Utashinai: Japan’s Least Populated City

So far we’ve covered a number of Japan’s most populated cities in this blog. For example, Tokyo, Japan’s most populated city, is home to about 13.01 million residents in only about 845 square miles of space. (That’s about 15,144 people per square mile.) Conversely, Japan’s least populated city is Utashinai in the Hokkaido region. Utashinai is home to about 4845 residents in about 22 square miles of space. It may have much less space then Tokyo, but it’s far more spacious for the residents, as the density translates to about 224 people per square mile.
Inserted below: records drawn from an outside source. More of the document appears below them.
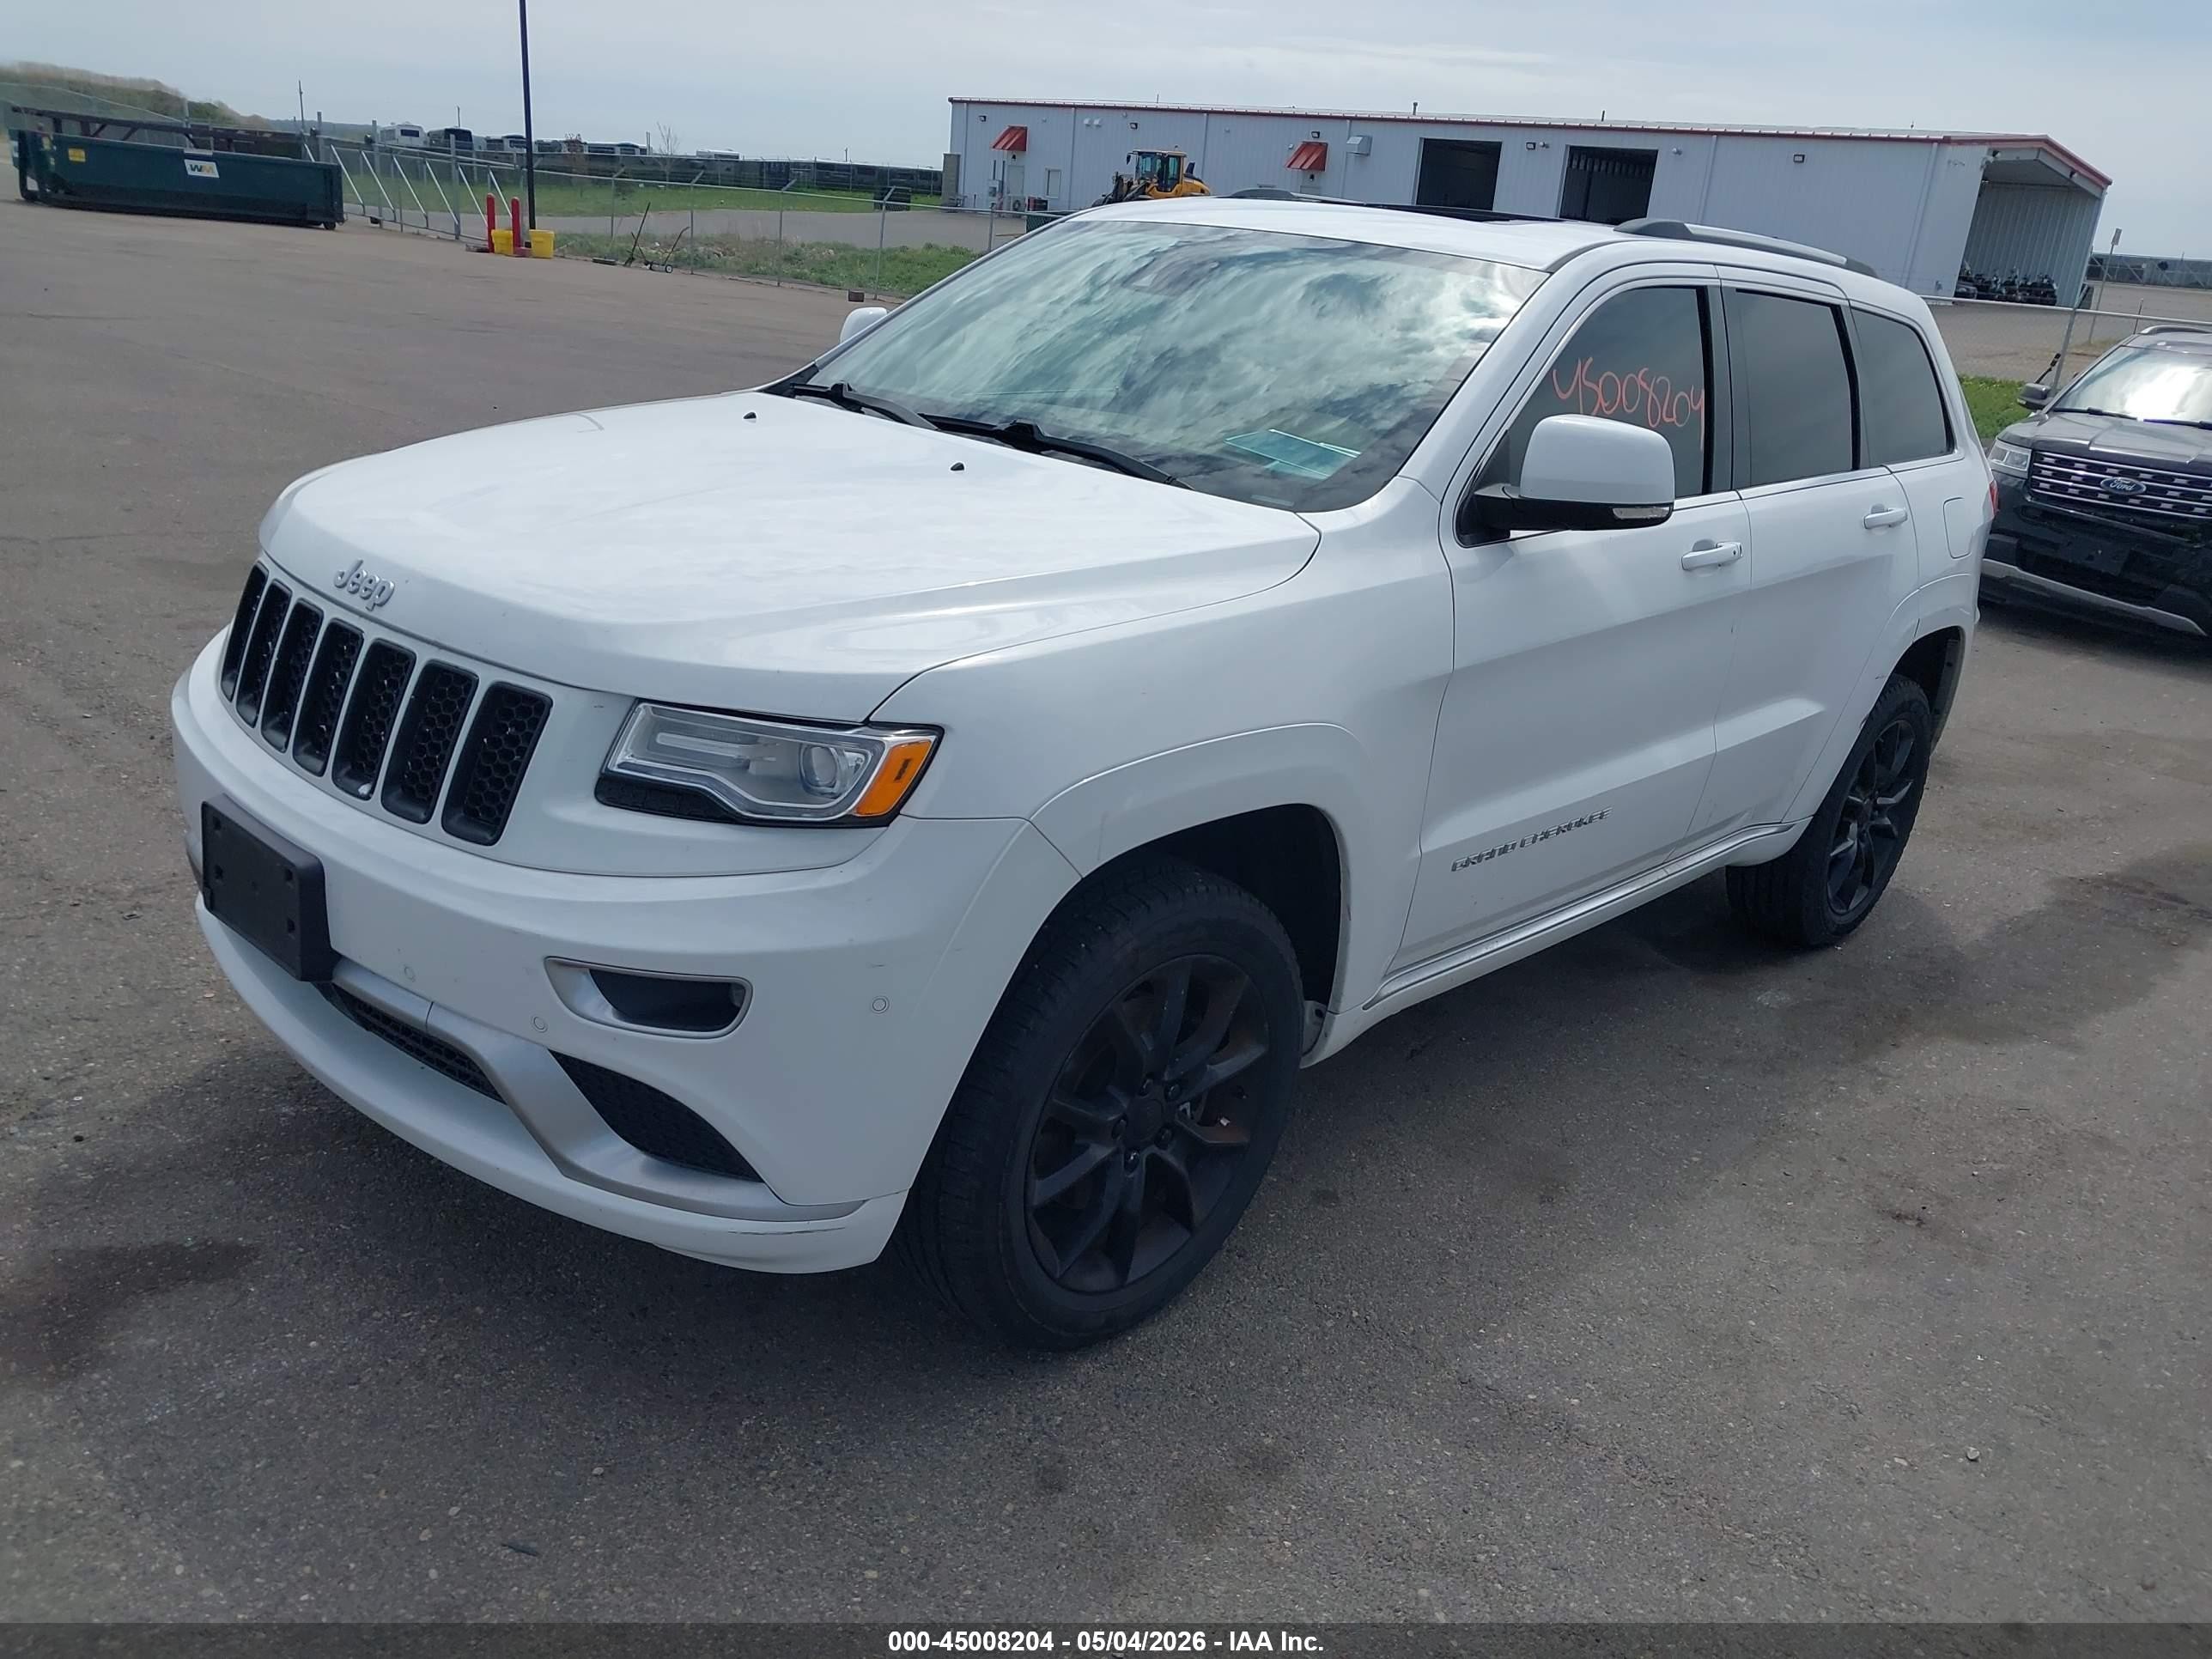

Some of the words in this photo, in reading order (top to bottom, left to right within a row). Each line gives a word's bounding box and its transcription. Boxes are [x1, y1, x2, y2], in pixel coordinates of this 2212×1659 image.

[1552, 356, 1705, 453] 45008204
[2110, 479, 2136, 491] Ford
[334, 558, 395, 612] Jeep
[1451, 840, 1517, 872] GRAND
[1520, 806, 1613, 848] CHEROKEE
Utashinai is about a 7-hour train ride from Tokyo in the central part of Hokkaido, Japan’s northernmost prefecture. Like the rest of Hokkaido, Utashinai is known for cold, snowy winters as well as beautiful, spacious landscapes. For tourists, there are two reasons to head to Utashinai, besides perhaps the peace and quiet that such a small town affords. The first is the ski season, which can last anywhere between November and May, particularly December through March. Travel to Utashinai to tackle the Kamoidake ski hill (about a medium-sized hill). The ski chalets and hotels in the area offer Swiss-style ski-centric decor and often host ski groups and meets during the primary skiing season.

The other reason tourists visit Utashinai is the outdoor onsen. Kamoidake has a popular onsen resort and there’s another onsen called Tyrol no Yu. (In the spring and summer months, local sports teams may practice at the Tyrol arena.) You can stay at the onsen or spend only about US$5 per adult and US$3 per child to take a dip in the Tyrol onsen.
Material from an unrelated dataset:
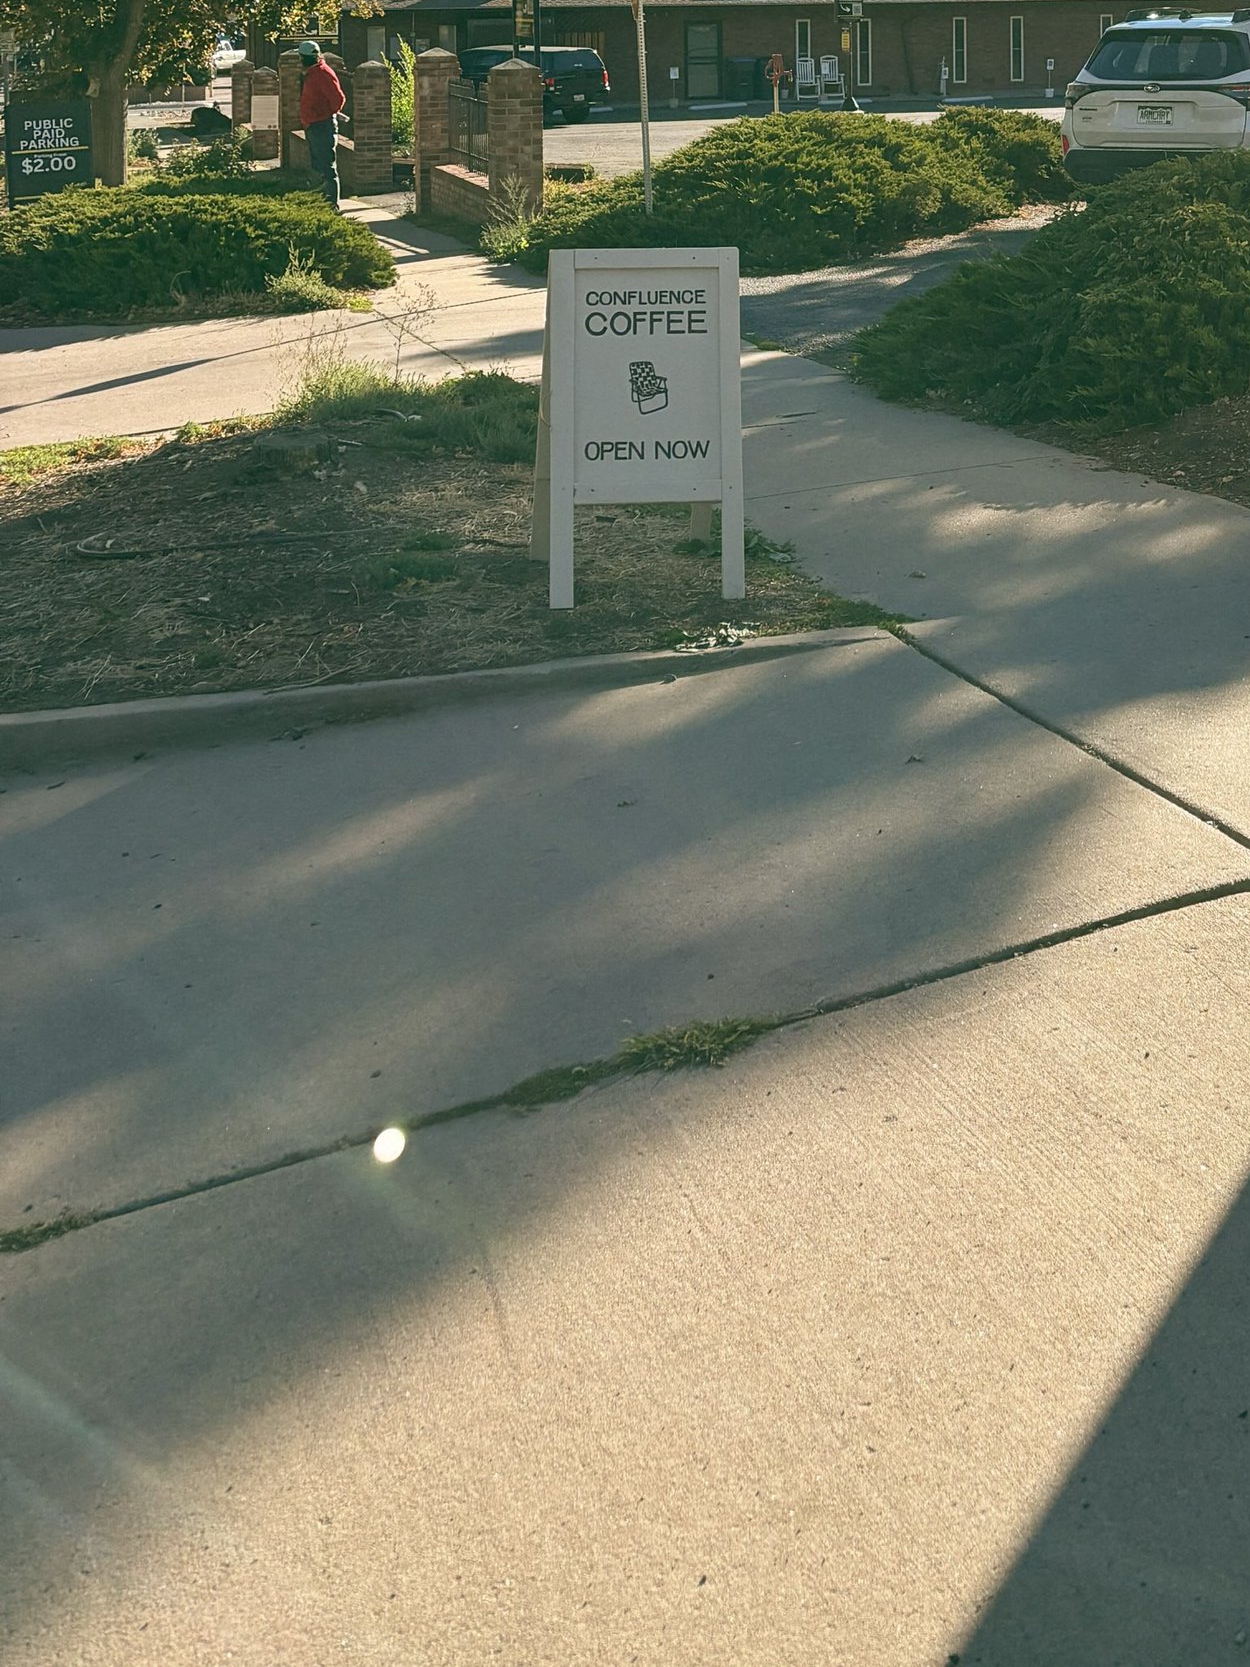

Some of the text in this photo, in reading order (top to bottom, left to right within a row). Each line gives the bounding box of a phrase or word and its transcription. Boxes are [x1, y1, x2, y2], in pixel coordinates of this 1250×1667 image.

The appeal of visiting such a small town as Utashinai is that you’ll witness a completely different type of Japanese culture than you would in the larger cities. It can also prove extremely relaxing after some time in one of the world’s largest metropolitan areas (Tokyo) to retreat to a much quieter, more scenic area.

For residents of Utashinai, partaking in the skiing and onsen are a part of their daily lives, but there isn’t a lot else to do. In 2007, the local high school closed and high schoolers have to trek to neighboring cities for school. The town once thrived on a number of coal mines established in the 1890s and was home to a record of nearly 46,000 people in the 1940s; however, since the three coal mines closed in the 1970s, 1980s, and 1990s, the town has struggled to find an economic identity.

Would the idea of visiting Japan’s least populated city appeal to you? Why or why not? Do you enjoy winter sports and visiting onsen?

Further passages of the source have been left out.